For all the nail-biting going on leading up to Super Tuesday on February 5, you’d think that the Super Bowl is happening that day rather than on February 3. Even with Mitt Romney hailing from Massachusetts, the home state of the New England Patriots, the northeastern-focused "almost subway series" Super Bowl is commanding less attention than stories of political intrigue and economic stimulus.

Alongside those stories, though, are several that have captured the attention of the masses in an equally intriguing way. These stories of business models that surround streaming media are getting lots of attention, backed by a report from the International Federation of the Phonographic Industry showing that the number of songs downloaded via illegitimate means is almost 20 times greater than the download of legitimate paid songs.

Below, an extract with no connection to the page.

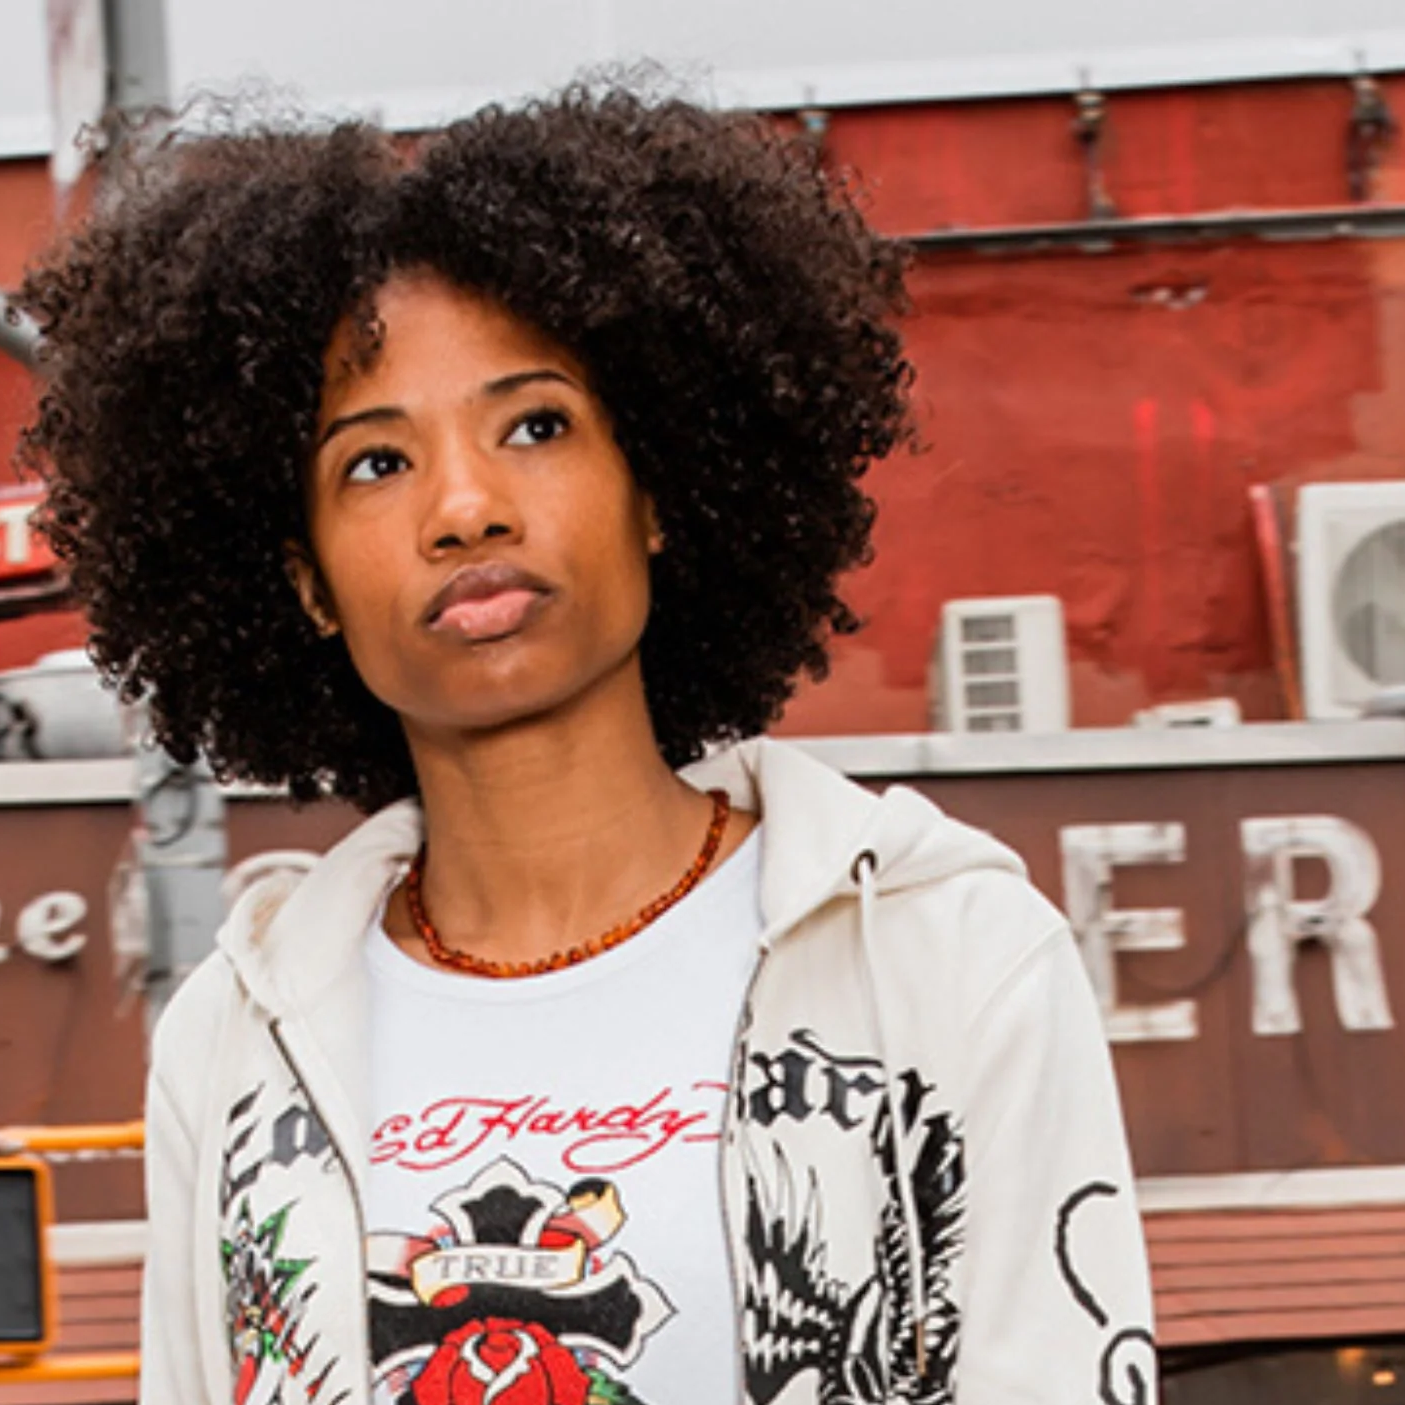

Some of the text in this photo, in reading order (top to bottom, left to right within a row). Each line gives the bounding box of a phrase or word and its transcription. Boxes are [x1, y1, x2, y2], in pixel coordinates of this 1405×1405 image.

Consider, for example, the company still known as Qtrax. Starting as a peer-to-peer network several years ago, but now starring as a poster-child for the all-you-can-eat-if-you-watch-an-advertisement business model, Qtrax had a roll-out party at MIDEM, the annual music industry trade show and conference in Cannes, this week that cost the company just shy of $1 million. The company’s press release claimed that it could offer something every music fan ever wanted: free songs that could be streamed or downloaded.

The national and international media jumped all over this story. Here’s a typical lead-in from a news article posted on the Times Online UK site on January 28: "After a decade fighting to stop illegal file-sharing, the music industry will give fans today what they have always wanted: an unlimited supply of free and legal songs."

The story goes on to say that the free song downloads would be available if users would watch advertisements and that it was endorsed by the big music labels.

Except, in the case of Qtrax, the ink wasn’t exactly dry. Later in the day on the 28th, the story emerged that not one of the four major labels had completed deals with the site, EMI, Warner, Sony BMG, and Universal all confirmed they had not signed deals, although Warner and Universal acknowledged they were in negotiations to consider an advertising-based solution. "Warner Music Group has not authorised the use of our content on Qtrax's recently announced service," said a Warner spokesman.

When the Times chased down the story, they got conflicting information from Qtrax CEO Alan Klepfisz, who claimed a competitor tried to damage Qtrax’s reputation but offered no proof. "We are not idiots," Klepfisz told the Times."We wouldn’t have launched the service in front of the whole music industry unless we had secured its backing. Everyone is very upset. . . . We do have industry agreements including the major labels. Even today we are working on more deals."